Cassava, Manihot esculenta is an important food crop grown and eaten in many areas of the tropics. In tropical Africa, it is used in the preparations of many foods. The young leaves of cassava are nutritious vegetables. It also has the potential to supply cheap raw materials for industrial uses and livestock production.
In Ghana, it is grown in all the agro-ecological zones but yields better in deep-loamy with good fertility and drainage. Even under harsh environmental conditions (low rainfall and low fertility) cassava will provide some food when other crops fail.
The two(2) acre cassava demonstration is part of Agrihome’s Ten-year development plan to demonstrate the cultivation of cassava under the no-till technology.
ACTIVITIES CARRIED OUT
We adopted No-till technology under Conservation Agriculture. We cleared the land and left the vegetation residue on the field. This has several benefits to the soil and plants.

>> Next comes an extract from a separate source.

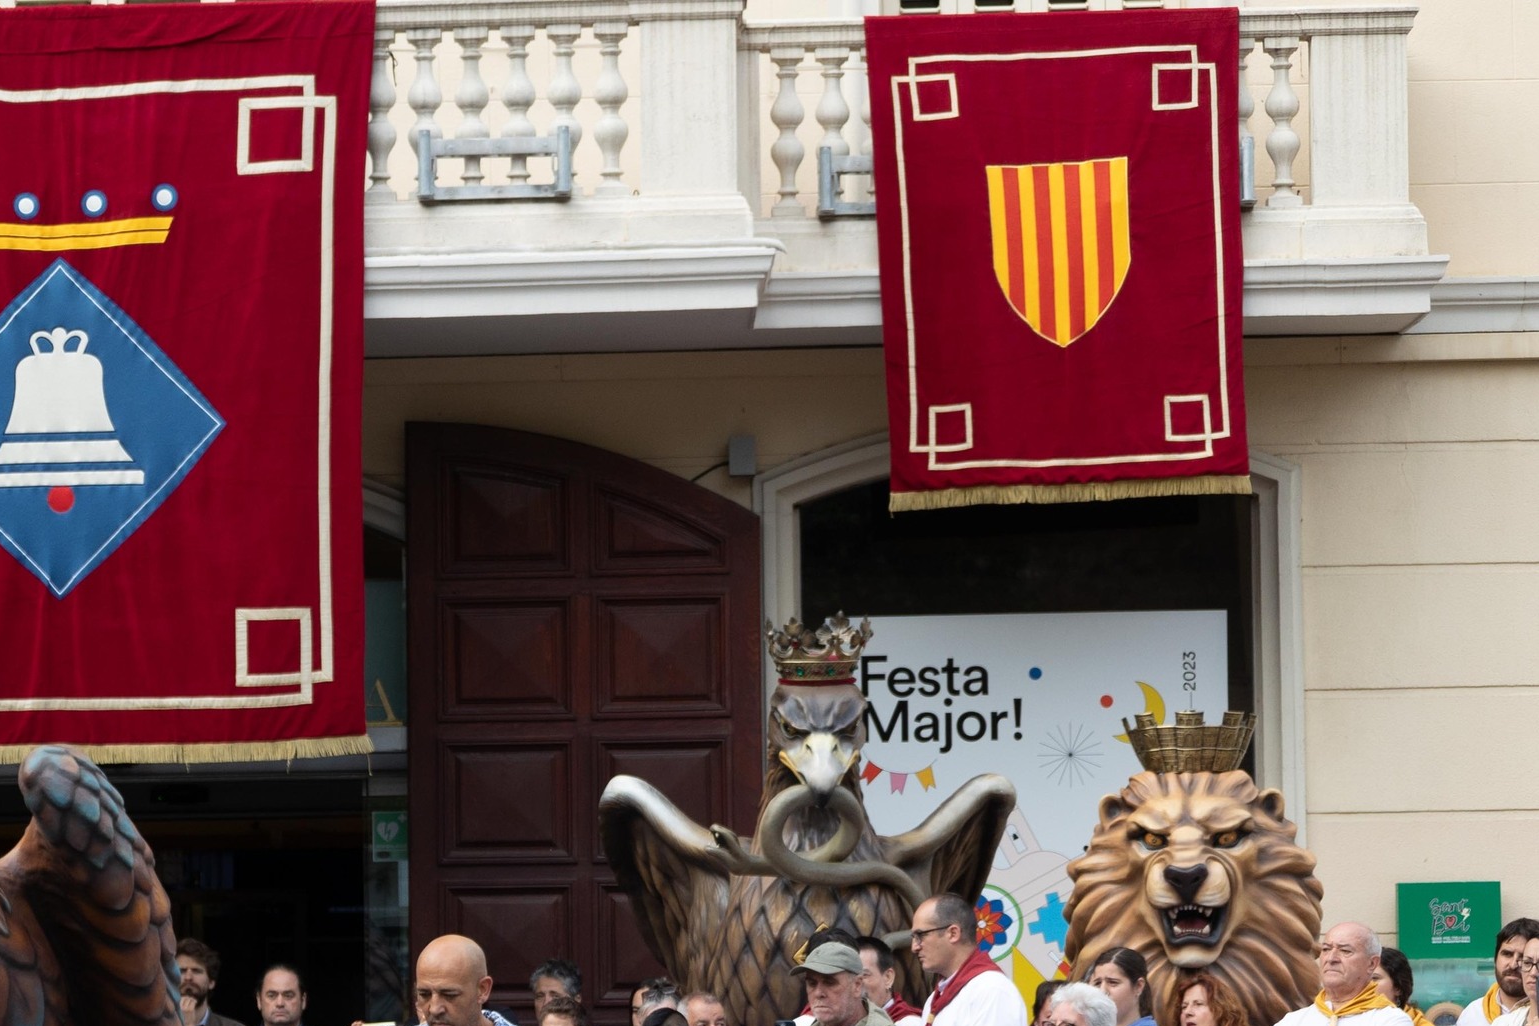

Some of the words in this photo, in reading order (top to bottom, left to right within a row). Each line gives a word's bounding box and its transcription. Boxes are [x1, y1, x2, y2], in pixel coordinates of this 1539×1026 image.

[861, 655, 989, 698] Festa
[1182, 651, 1196, 691] 2023
[862, 698, 1023, 754] Major!

Field after clearing, applying the no-till technology
The quality of planting materials is very vital to good cassava farm establishment, so we selected disease free and healthy planting materials and planted by September 25th, 2015. The cuttings were 20-25cm long. Planting was done by September 25th, 2015 at a planting distance of 1m×1m. The variety planted was Bankyehemaa.
We carried out first weeding on the 24th and 25th November 2015. Due to the low incidence of rainfall, we left the grass (as shown in the picture above) until a couple of weeks after sprouting to help conserve moisture. We then slashed the grass to reduce competition with the cassava and also serve as mulch.
Field at first weed control after planting.
Field was ready for 2nd weed control in the 6th month after planting. The cassava looked very healthy. During this stage, the cassava had quite some amount of rains and was very important to reduce competition with weeds as much as possible.
Field at 32 weeks after sprouting. The field withstood the dry spell between the October 2015 and March 2016. Notably, the application of no-till, under conservation agriculture on the cassava demonstration field helped in moisture conservation making the the cassava thrive throughout the dry period.
The field was harvested on 26 September, 2015 (1 year after planting). Yield was approximately 27.0 t/ha (10.8t/acre).
KEY OBSERVATIONS DURING THE YEAR OF CULTIVATION
- No observed disease presence above soil level.
- Harvested roots showed not sign of disease.
- Presence of mulch cover from cleared vegetation.